SNS上では、JALブランドが手掛けるLCCということもあり、「格安でも信頼性は高そう」「中長距離のLCCは身体が楽そうで嬉しい」といったポジティブな反応が相次いでいます。LCCとは「ロー・コスト・キャリア」の略称で、運営の効率化やサービスの簡素化によって、驚くほど手頃な運賃を実現する航空会社を指します。既存のLCCは短距離路線が中心でしたが、ジップエアはアジアの主要都市を足掛かりに、さらに遠くを目指そうとしている点が、これまでの常識を打ち破る新しい試みといえるでしょう。
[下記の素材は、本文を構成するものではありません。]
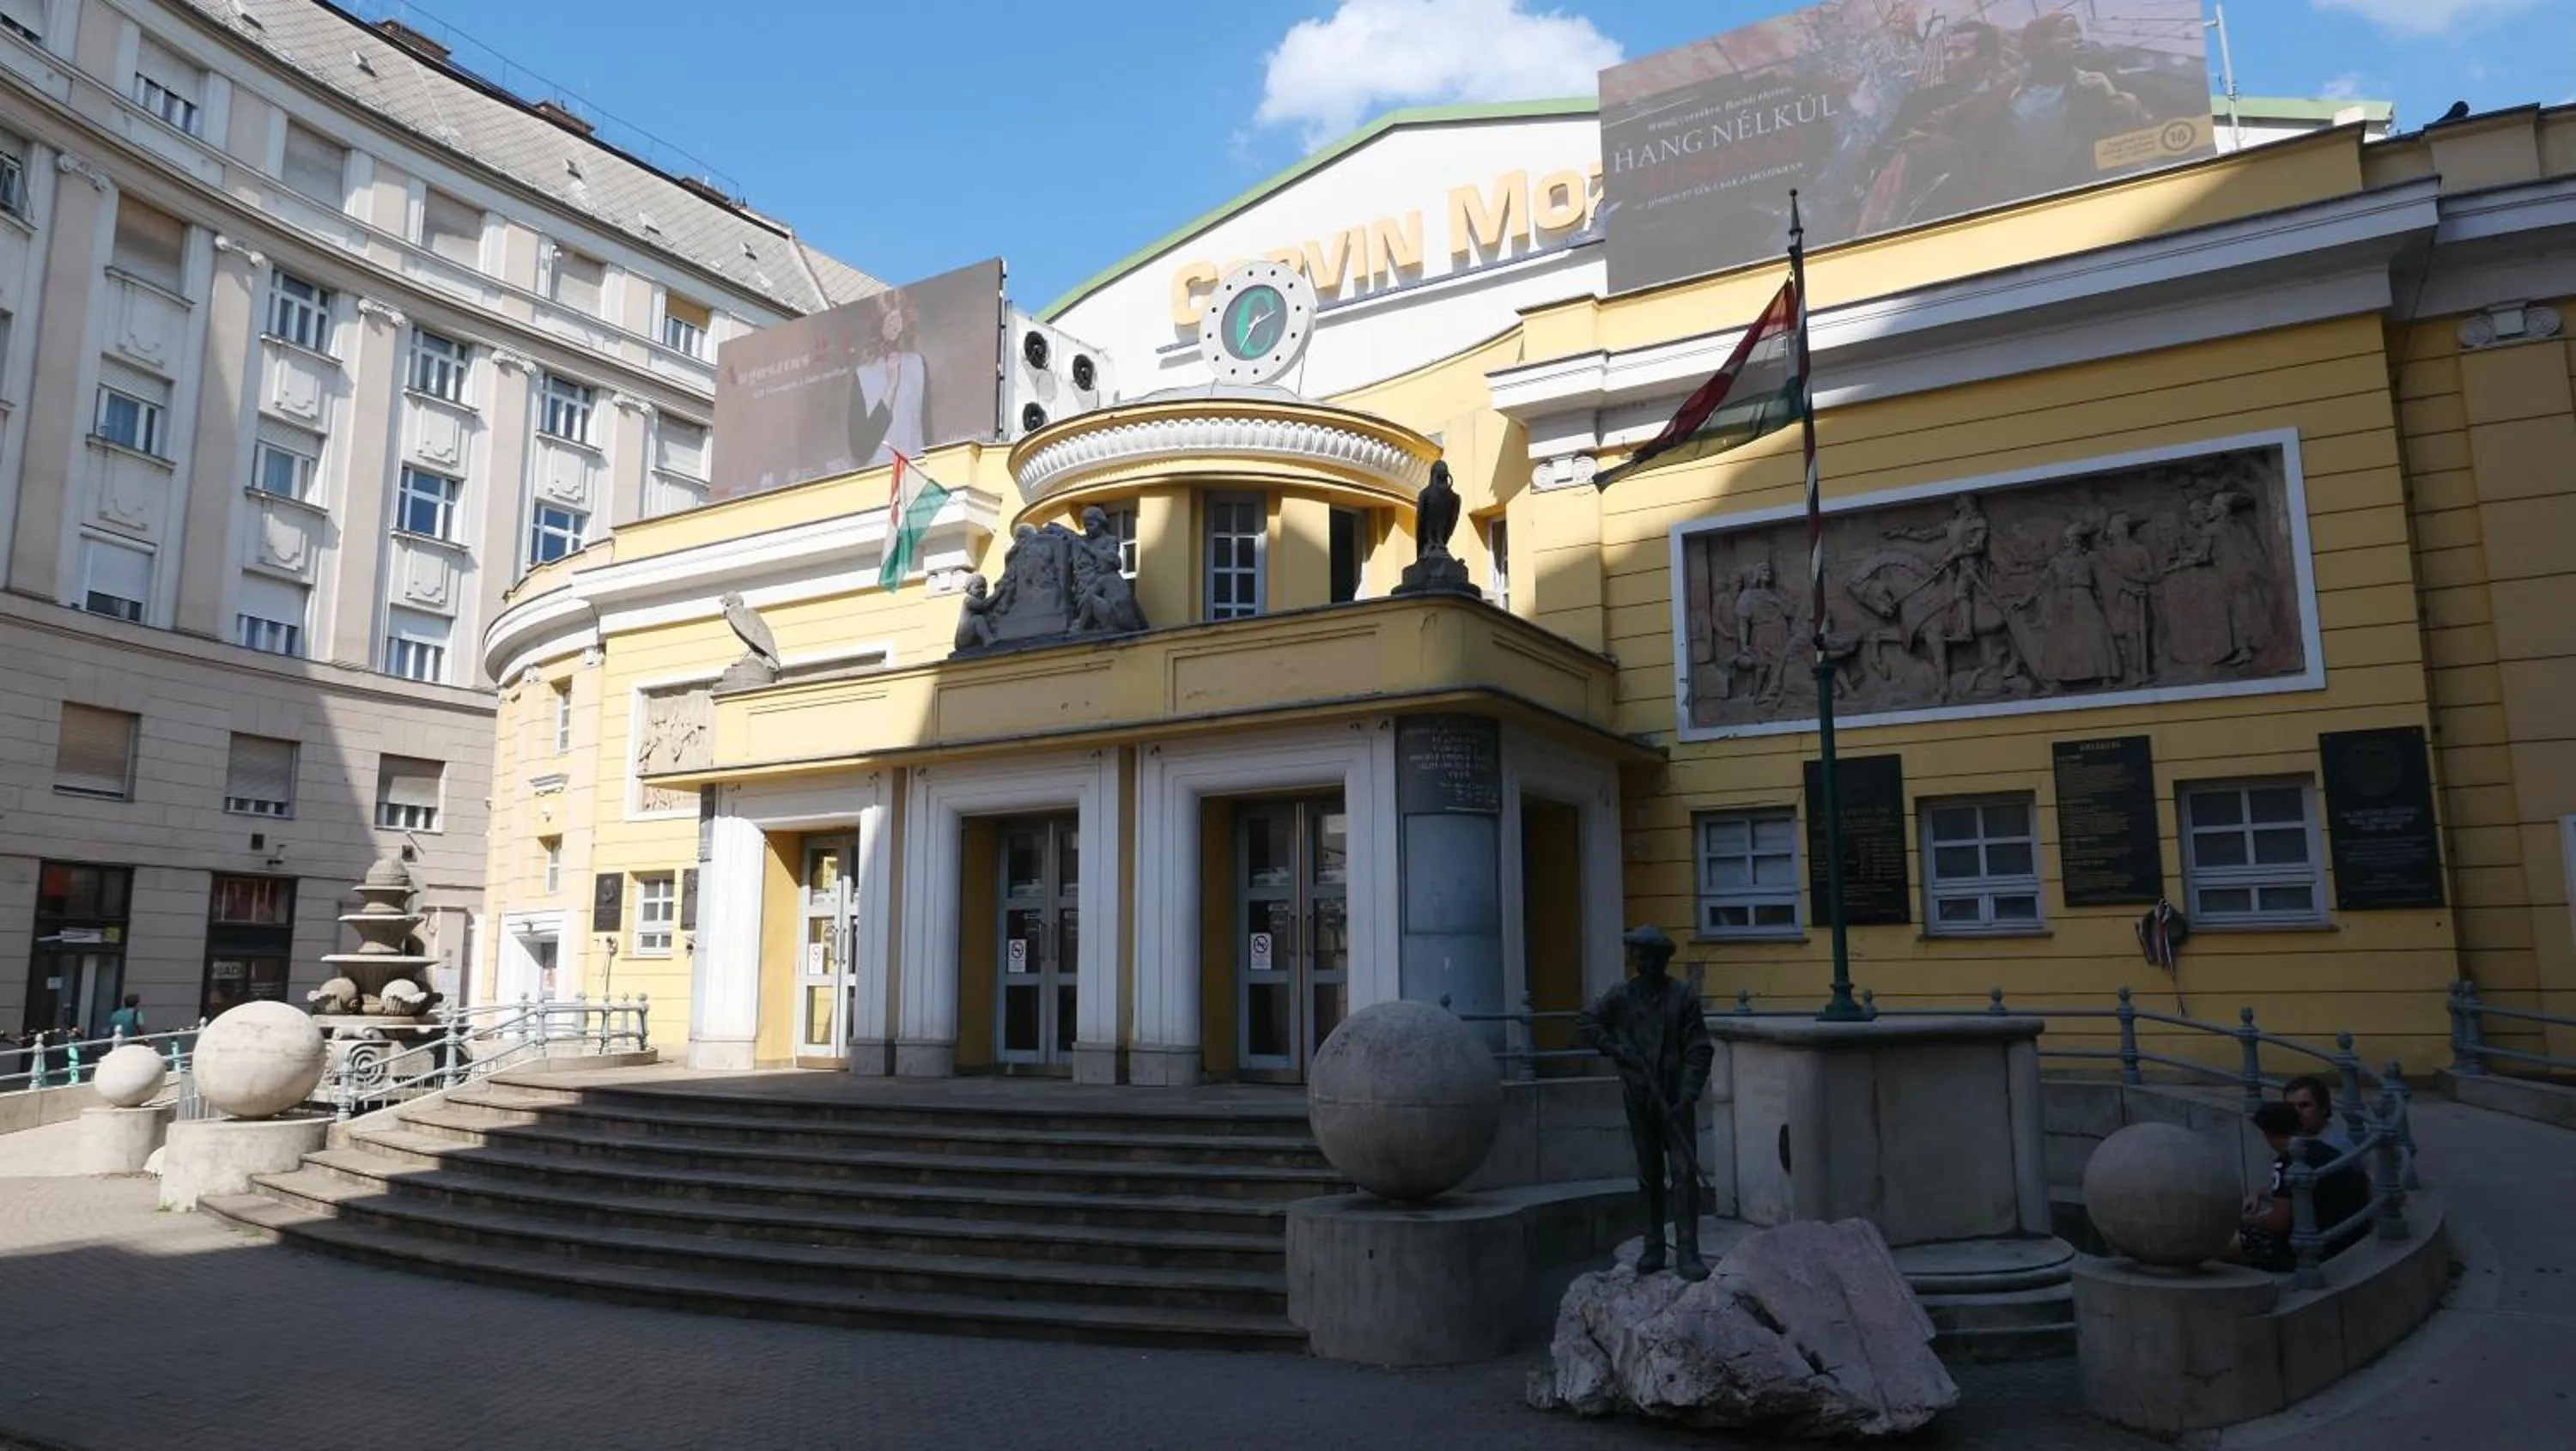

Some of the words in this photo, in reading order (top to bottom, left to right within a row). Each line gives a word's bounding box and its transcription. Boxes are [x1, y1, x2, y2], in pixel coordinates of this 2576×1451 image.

[1614, 129, 1704, 173] HANG
[1711, 92, 1839, 149] NÉLKÜL
[2169, 128, 2188, 143] 16
[1170, 209, 1423, 326] CVIN
具体的なスケジュールを確認すると、2020年05月の成田―バンコク線の就航に続き、2020年07月01日からは韓国の成田―ソウル線にも進出する計画が立てられています。どちらの路線も1日1往復を予定しており、ビジネスから観光まで幅広いニーズに応えてくれるに違いありません。使用される機体は、燃費性能に優れ「ドリームライナー」の愛称で親しまれるボーイング787-8型機で、2機の導入が決まっています。290席というゆとりのある座席数は、長旅でも快適に過ごせる工夫が期待されますね。
現在、ジップエアの資本金は50億円ですが、運航が開始されるまでには200億円規模にまで増強される見通しです。これだけの資金を投じる背景には、JALグループが本気でLCC市場の中長距離戦略に舵を切ったという強い意志が感じられます。私個人の見解としては、従来の「安かろう悪かろう」というLCCのイメージを、日本の高い品質管理能力でどのように塗り替えていくのか、非常に注目しています。安全性を何よりも優先しつつ、旅の選択肢を広げてくれる存在になるはずです。
ジップエアはアジア圏で着実に実績を積み上げた後、2021年度には念願の北米路線の開設も視野に入れているようです。太平洋を横断するLCCという壮大なビジョンは、日本の航空業界にとって大きなターニングポイントとなるでしょう。今後は、実際に安全な運航ができるかを証明するための実証試験や、運航管理施設の厳格な検査など、デビューに向けた最終準備が本格化します。成田空港を拠点に世界へ羽ばたくジップエアが、どのような感動を私たちに届けてくれるのか、その日が待ち遠しくてなりません。